## What the task requires:
Images are not part of the copy; write out the rest of the data exactly as given.

## Data extracts:
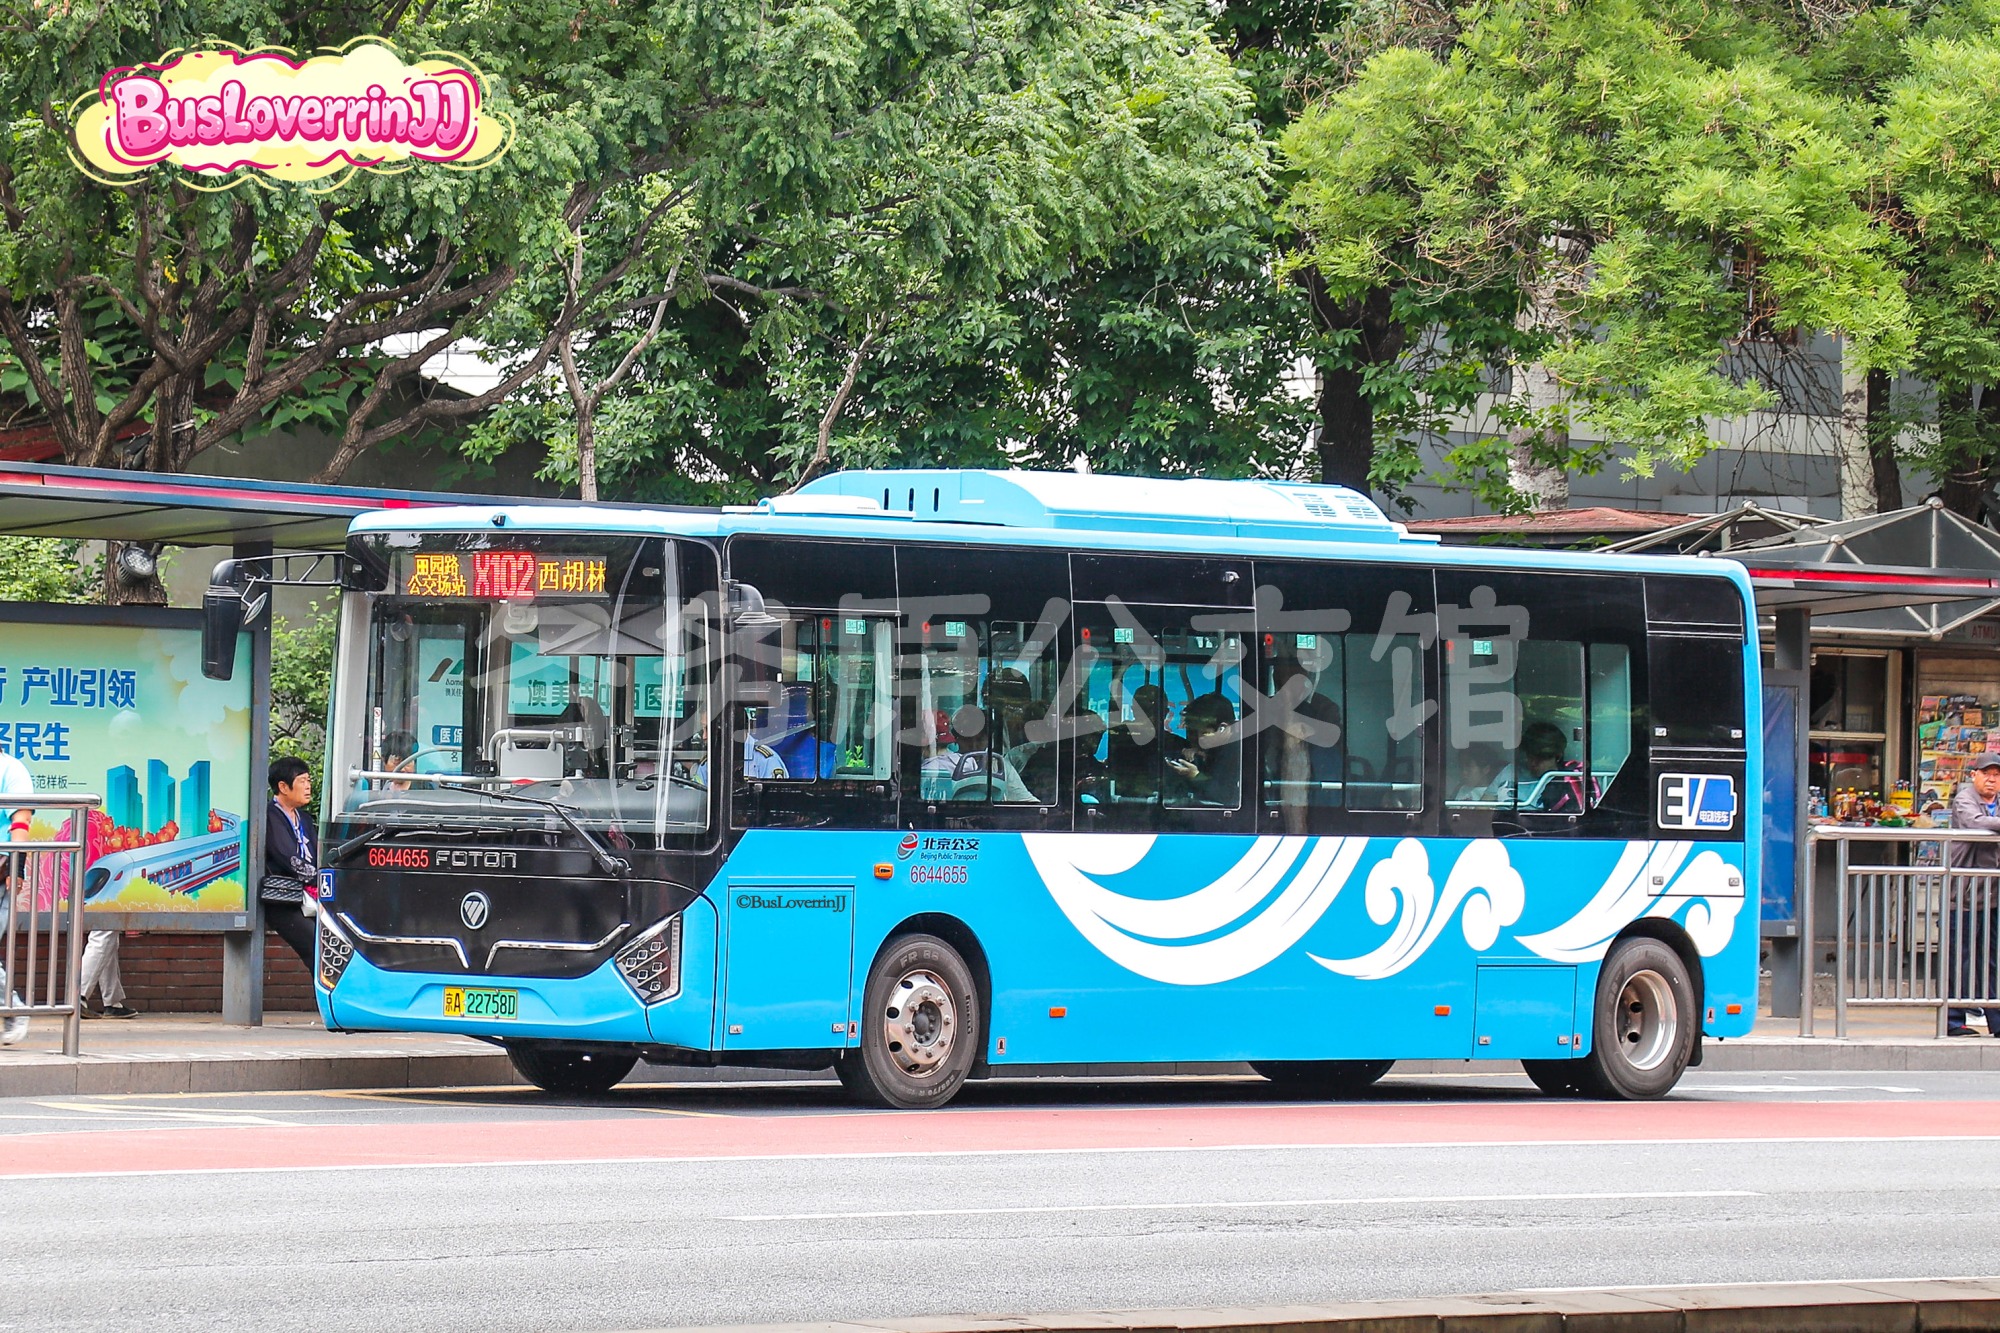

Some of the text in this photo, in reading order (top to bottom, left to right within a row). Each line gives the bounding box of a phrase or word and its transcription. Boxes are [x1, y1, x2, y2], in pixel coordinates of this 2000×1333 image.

[414, 554, 460, 576] 丽园路
[475, 554, 535, 596] X102
[407, 575, 467, 597] 公交场站
[538, 561, 607, 592] 西胡林
[21, 667, 136, 708] 产业引领
[922, 837, 981, 851] 北京公交
[368, 848, 518, 869] 6644655 FOTON
[920, 853, 938, 861] Beijing
[954, 853, 978, 861] Transport
[910, 865, 967, 883] 6644655

## Result for this exercise:
Some of the text in this photo, in reading order (top to bottom, left to right within a row). Each line gives the bounding box of a phrase or word and its transcription. Boxes are [x1, y1, x2, y2], in pixel coordinates of this 2000×1333 image.

[414, 554, 460, 576] 丽园路
[475, 554, 535, 596] X102
[407, 575, 467, 597] 公交场站
[538, 561, 607, 592] 西胡林
[21, 667, 136, 708] 产业引领
[922, 837, 981, 851] 北京公交
[368, 848, 518, 869] 6644655 FOTON
[920, 853, 938, 861] Beijing
[954, 853, 978, 861] Transport
[910, 865, 967, 883] 6644655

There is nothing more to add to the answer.